Write the listing out once more, identical to the original but without pictures.

=== Given records ===

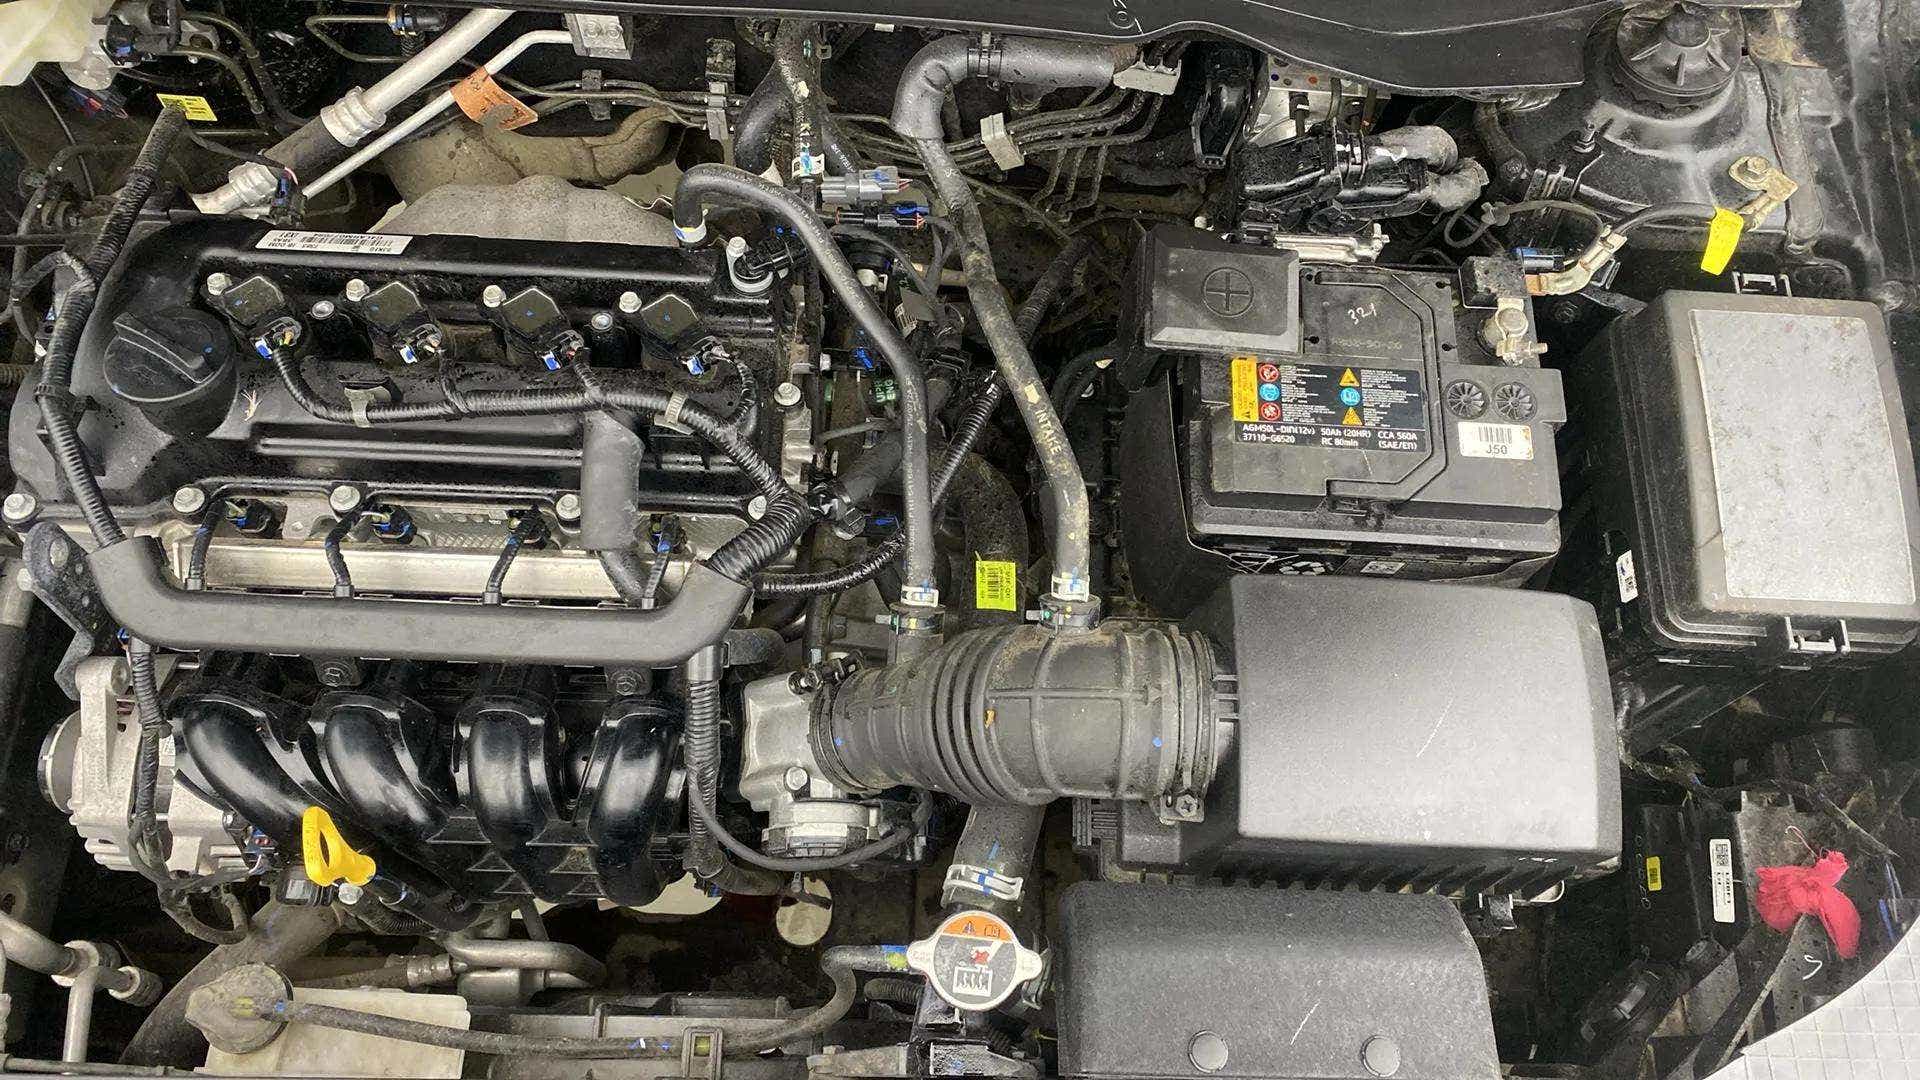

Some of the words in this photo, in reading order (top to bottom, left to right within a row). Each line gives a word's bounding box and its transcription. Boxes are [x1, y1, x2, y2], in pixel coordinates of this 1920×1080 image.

[1035, 408, 1061, 454] INTAKE
[1377, 430, 1395, 440] CCA
[1397, 432, 1418, 441] 560A
[1321, 437, 1333, 446] RC
[1334, 438, 1359, 447] 80min
[1486, 444, 1509, 455] J50
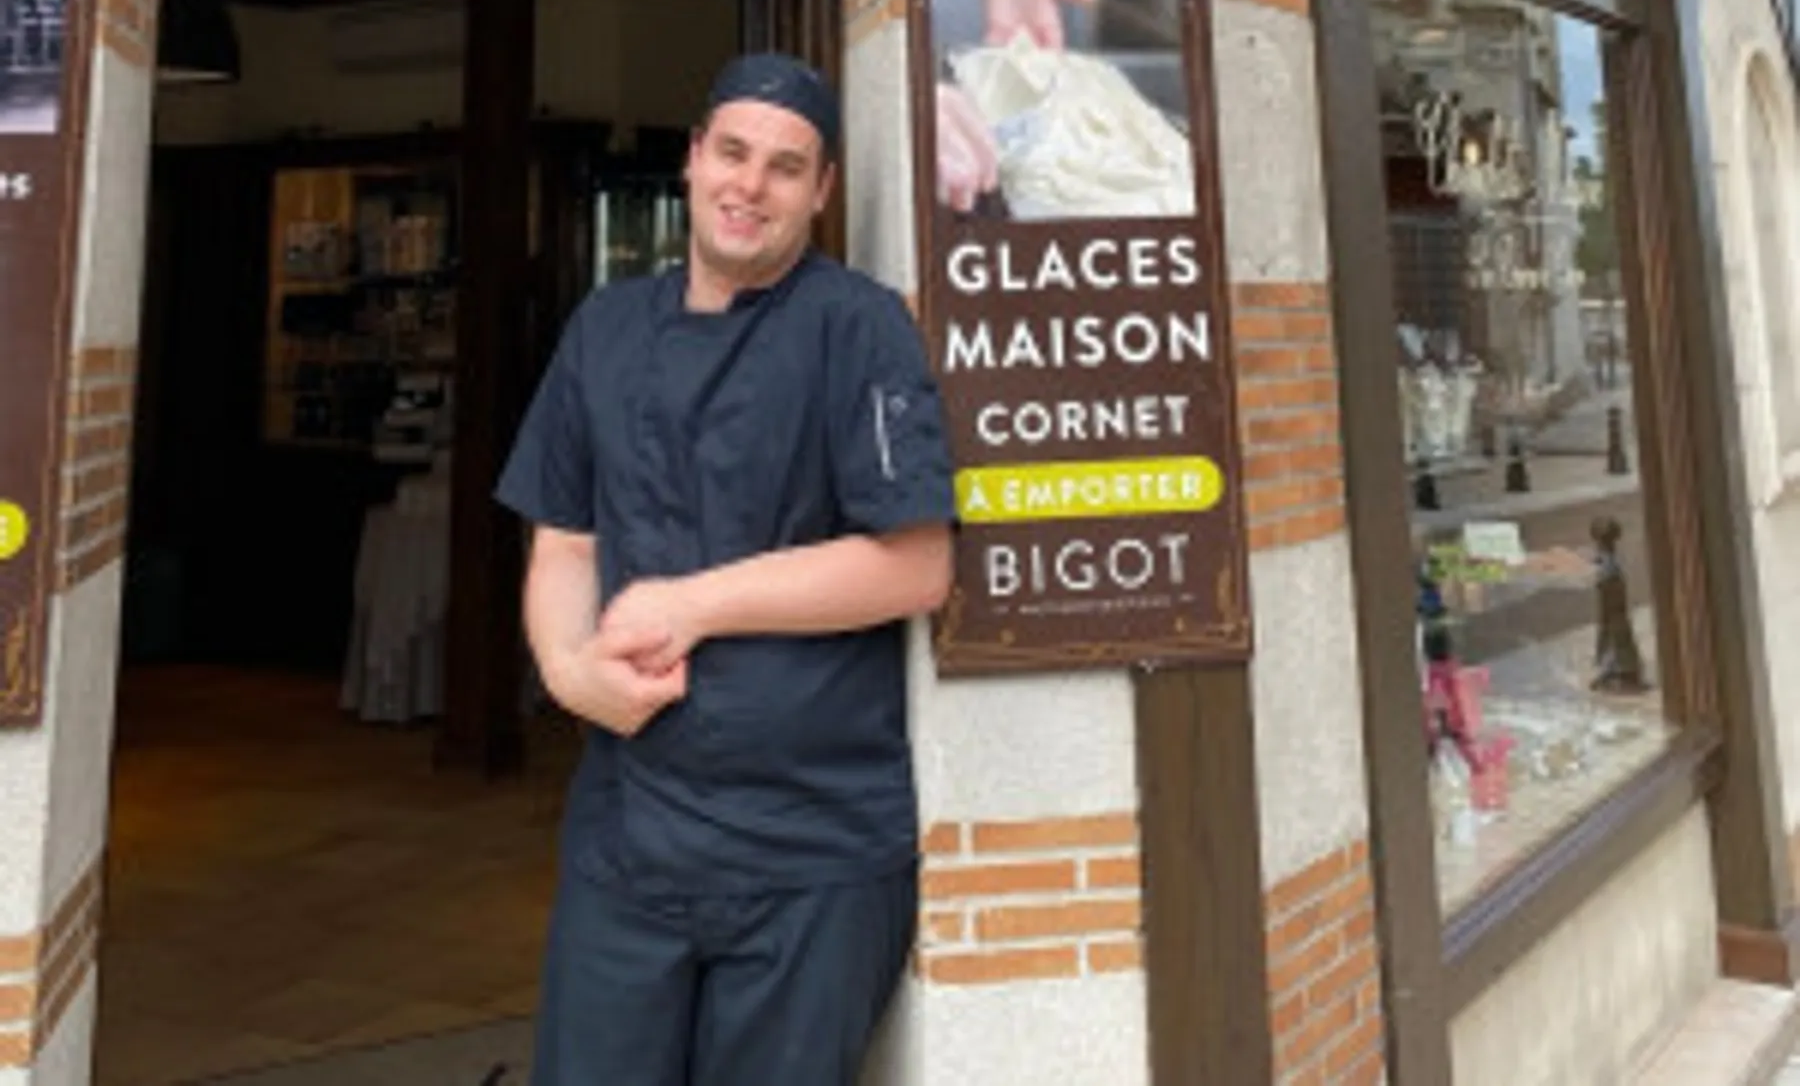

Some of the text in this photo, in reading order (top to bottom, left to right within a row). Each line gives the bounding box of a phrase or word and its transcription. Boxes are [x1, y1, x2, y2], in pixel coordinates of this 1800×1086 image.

[947, 237, 1200, 294] GLACES
[944, 312, 1213, 373] MAISON
[976, 394, 1190, 446] CORNET
[1002, 471, 1205, 512] EMPORTER
[986, 533, 1190, 597] BIGOT

===

**Finished exercise**
Some of the words in this photo, in reading order (top to bottom, left to right within a row). Each line gives a word's bounding box and its transcription. Boxes are [x1, y1, x2, y2], in pixel coordinates of this 1920×1080 image.

[1035, 408, 1061, 454] INTAKE
[1377, 430, 1395, 440] CCA
[1397, 432, 1418, 441] 560A
[1321, 437, 1333, 446] RC
[1334, 438, 1359, 447] 80min
[1486, 444, 1509, 455] J50

Some of the text in this photo, in reading order (top to bottom, left to right within a row). Each line gives the bounding box of a phrase or word and its transcription. Boxes are [x1, y1, x2, y2], in pixel coordinates of this 1800×1086 image.

[947, 237, 1200, 294] GLACES
[944, 312, 1213, 373] MAISON
[976, 394, 1190, 446] CORNET
[1002, 471, 1205, 512] EMPORTER
[986, 533, 1190, 597] BIGOT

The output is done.